Late-Season Descent of the Grand
Friday, September 18th, 2009
It occurred to me as we moved to high camp. I was guiding a climb of Denali’s West Buttress; we were carrying huge packs, moving REALLY slowly up the ridge in sub-zero temperatures. “Wouldn’t it be nice to move fast with a light pack? I’ll bet the Tetons are gorgeous right now. The trail into Garnet might even be clear.”

A dry initial approach
So, 2 days after I got home Jake and I left my dog with a friend and headed up into the Park. We figured the Grand Teton would still have plenty of snow on it for a late-season descent, but weren’t totally sure about the approach—should we bring skins? Should I bring my approach skis? Lupine Meadows was dry and hot when we pulled in, the smell of sage strong in the air, and snow line looked way up there. Jake convinced me that I should bring my approach skis anyway, just in case.
Walking in sneakers with light packs we flew up the trail into Garnet Canyon, finally changing to boots and skis for the last half-mile to the Meadows. It made for a quick half-mile, though. While I shoveled a platform and pitched the tent, Jake dug down a few feet to find the creek.

Going to bed.
We ate hoagie sandwiches as the stars started to appear and slid into our sleeping bags on a lovely, warm night.
The climb up to the Grand from the Meadows was smooth, with the exception of a brief route-finding snafu.

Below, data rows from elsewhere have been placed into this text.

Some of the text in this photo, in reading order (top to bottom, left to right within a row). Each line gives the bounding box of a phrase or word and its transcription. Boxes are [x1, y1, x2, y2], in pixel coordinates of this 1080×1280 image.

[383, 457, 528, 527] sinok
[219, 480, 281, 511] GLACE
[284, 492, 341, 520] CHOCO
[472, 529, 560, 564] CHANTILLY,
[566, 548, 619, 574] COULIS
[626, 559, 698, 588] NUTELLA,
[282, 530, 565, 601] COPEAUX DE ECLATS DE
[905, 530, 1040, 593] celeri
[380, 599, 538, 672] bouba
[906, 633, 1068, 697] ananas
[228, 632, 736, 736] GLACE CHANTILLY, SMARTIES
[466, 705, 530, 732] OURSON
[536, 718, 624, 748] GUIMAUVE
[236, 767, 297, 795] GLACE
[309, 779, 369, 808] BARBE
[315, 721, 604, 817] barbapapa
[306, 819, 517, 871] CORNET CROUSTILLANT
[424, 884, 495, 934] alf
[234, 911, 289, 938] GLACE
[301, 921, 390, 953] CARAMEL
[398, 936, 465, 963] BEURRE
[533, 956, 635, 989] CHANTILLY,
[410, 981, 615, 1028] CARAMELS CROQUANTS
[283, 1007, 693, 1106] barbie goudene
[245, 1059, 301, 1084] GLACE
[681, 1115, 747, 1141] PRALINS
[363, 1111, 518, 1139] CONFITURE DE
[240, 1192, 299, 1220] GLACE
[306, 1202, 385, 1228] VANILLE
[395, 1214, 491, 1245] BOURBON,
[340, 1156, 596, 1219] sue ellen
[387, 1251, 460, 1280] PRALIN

Jake on the Teepe Glacier at sunrise.

AJ climbs to the base of the Stettner Couloir. (Just around the corner...)
Firm snow made for fast boot-packing and we were at the bottom of the Stettner Couloir just after sunrise. Unlike earlier this year, the Stettner was one big, icy runnel peppered with rocks—great climbing but unlikely skiing.

Climbing super firm snow and ice in the lower Stettner Couloir.
We climbed the Stettner unroped, and pitched-out the ice in the Chevy traverse to the base of the Ford Couloir.

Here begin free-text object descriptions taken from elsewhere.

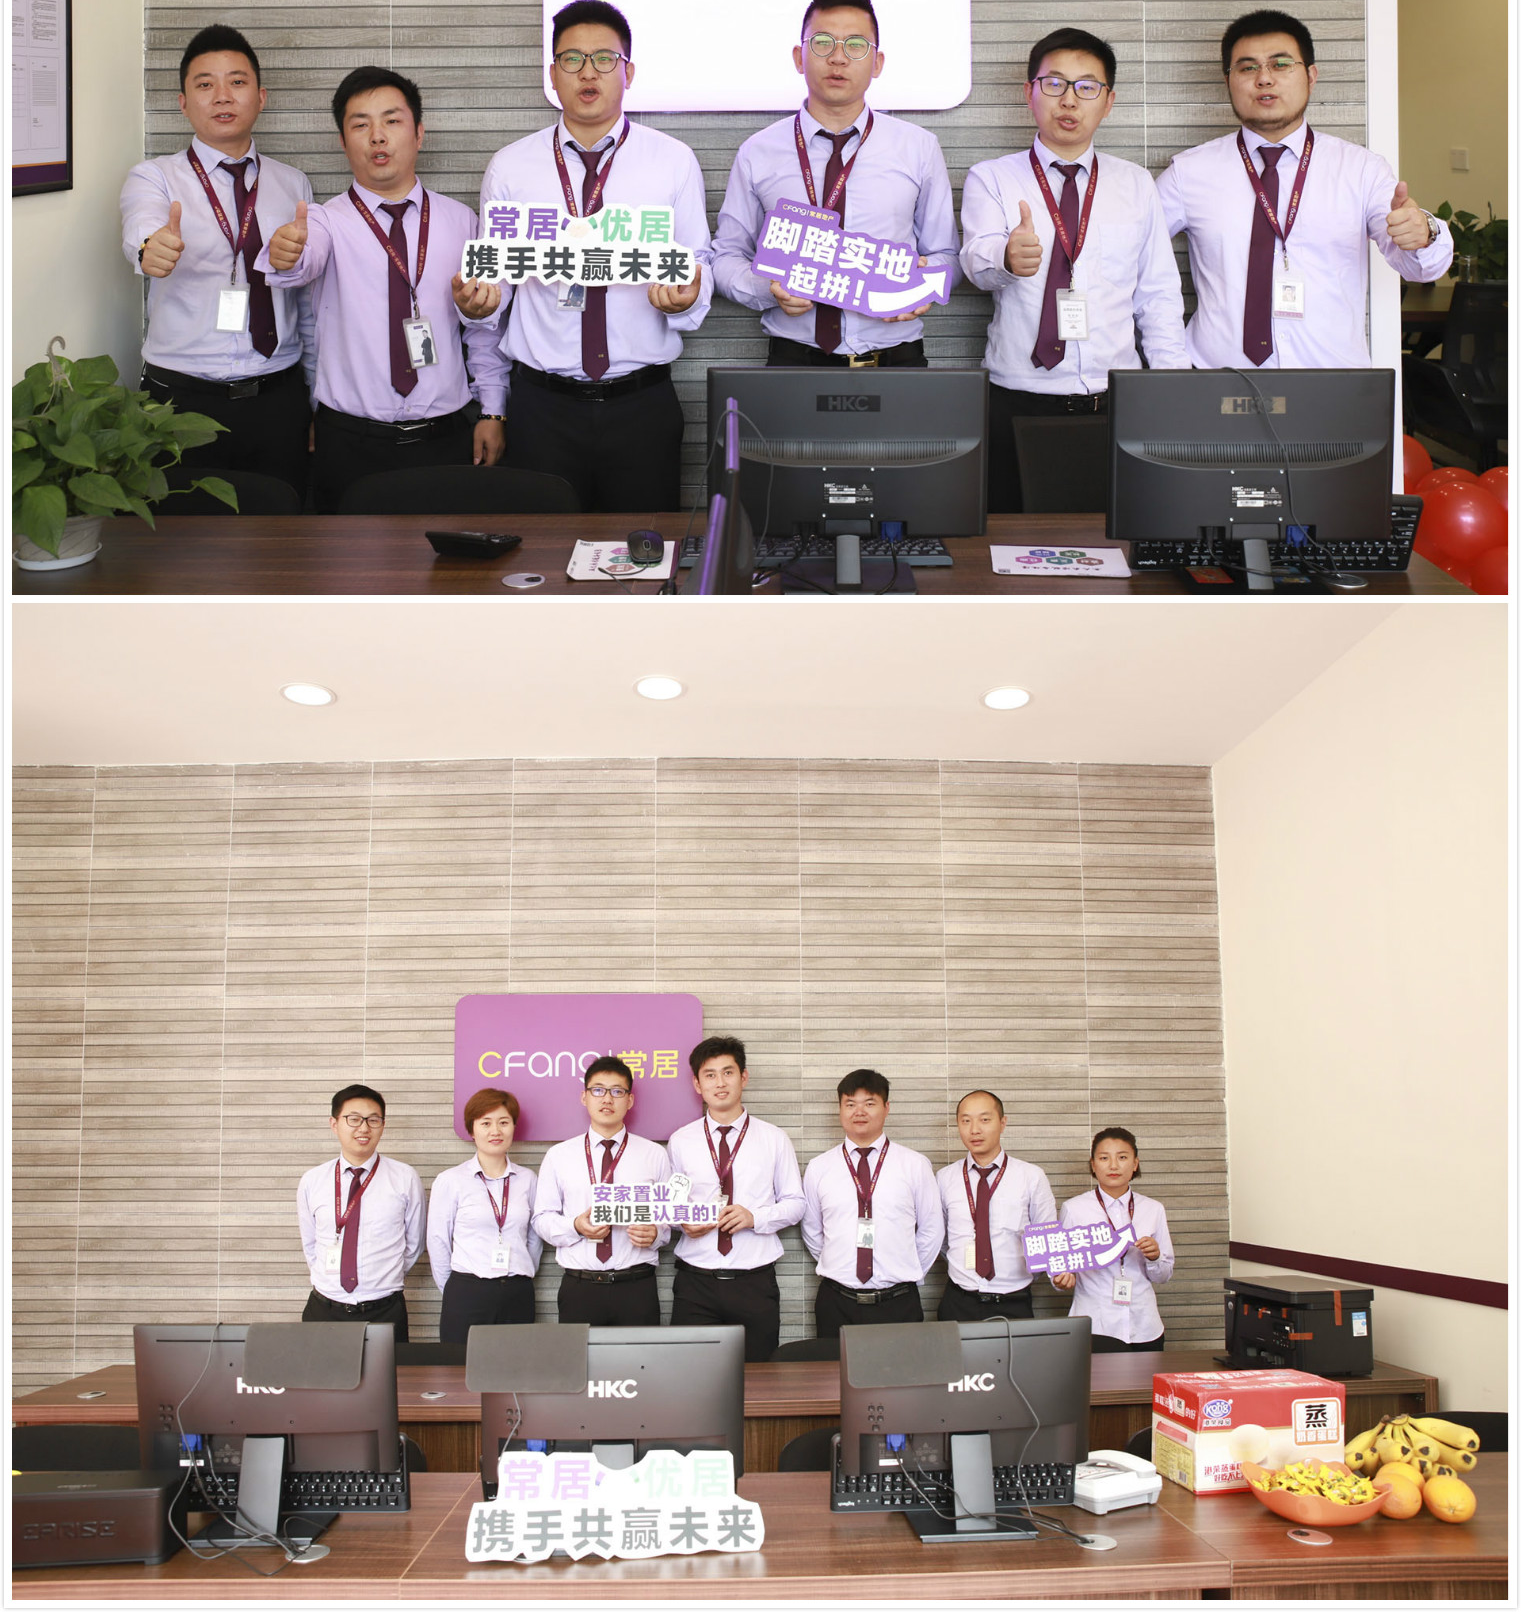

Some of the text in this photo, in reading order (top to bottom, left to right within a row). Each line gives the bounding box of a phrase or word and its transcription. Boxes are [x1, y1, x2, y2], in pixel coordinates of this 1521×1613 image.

[488, 206, 672, 243] 常居 优居
[466, 245, 690, 283] 携手共赢未来
[764, 215, 914, 283] 脚踏实地
[757, 261, 865, 307] 一起拼！
[827, 395, 869, 411] HKC
[617, 1049, 679, 1079] 常居
[594, 1185, 671, 1203] 安家置业
[1024, 1224, 1113, 1257] 脚踏实地
[236, 1378, 286, 1396] HKC
[587, 1380, 638, 1399] HKC
[947, 1372, 996, 1393] HKC
[1304, 1404, 1328, 1429] 蒸
[502, 1458, 730, 1501] 常居 优居
[471, 1505, 757, 1552] 携手共赢未来
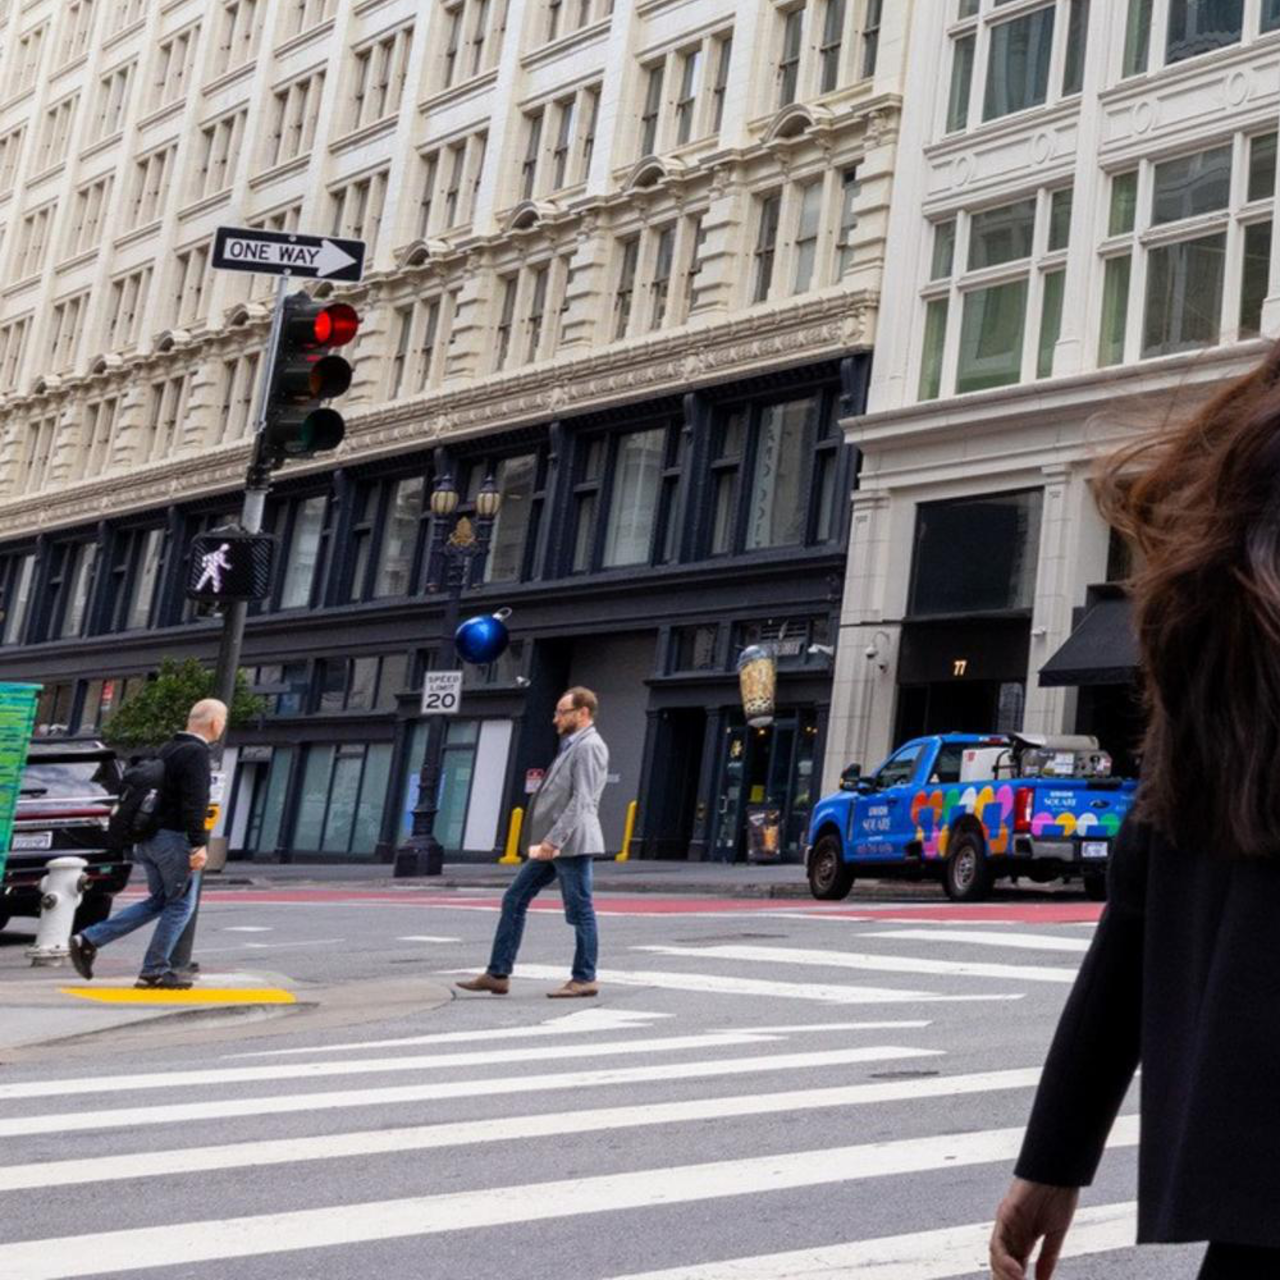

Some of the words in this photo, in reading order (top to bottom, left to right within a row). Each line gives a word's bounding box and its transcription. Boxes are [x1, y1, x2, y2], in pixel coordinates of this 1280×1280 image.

[230, 241, 271, 261] ONE
[279, 246, 320, 265] WAY
[426, 693, 456, 709] 20

Jake leads the first pitch of the Chevy Couloir.
Another hour of firm step-kicking brought us to the summit and endless views into Idaho, Wyoming and Montana.

The last step to the summit!
The view from the top of the Grand is unbelievable; everything else is SO FAR below! Under bluebird skies, we sat in the sun for a bit, soaking it all in and recharging for the descent while the snow finished corning up. I dropped in first, making a few test turns before opening it up down the southeast ridge to the top of the Ford.

Warm-up turns above the Ford Couloir. The Glacier Route/East Face of the Middle Teton in the background.
The entrance to the Ford is pretty steep—close to 50 degrees—but with it full of sweet corn we made big, fast turns, outrunning our sluff, leapfrogging our way down to the top of the Chevy.

AJ drops in to the top of the Ford Couloir.

Jake enjoys sweet corn in the Ford Couloir.
And that was the end of the riding up high on the mountain—the Chevy is unrideable and the Stettner would be awful turning, so after 4 pitches of rappelling we arrived at the bottom of our line and traversed around to the Teepe Glacier for another 2500’ of fun turns in the sun back to camp.

The first of four pitches of rappelling off the Grand.
What a sweet outing! The descent was almost more rappelling than riding but the climbing was fun, the weather was perfect, and it felt so good to move fast. We strolled the rest of the way down the trail into the forest and early-blooming wildflowers, chatting about what to ski next weekend and the massive amounts of food we would consume when we got back to Victor.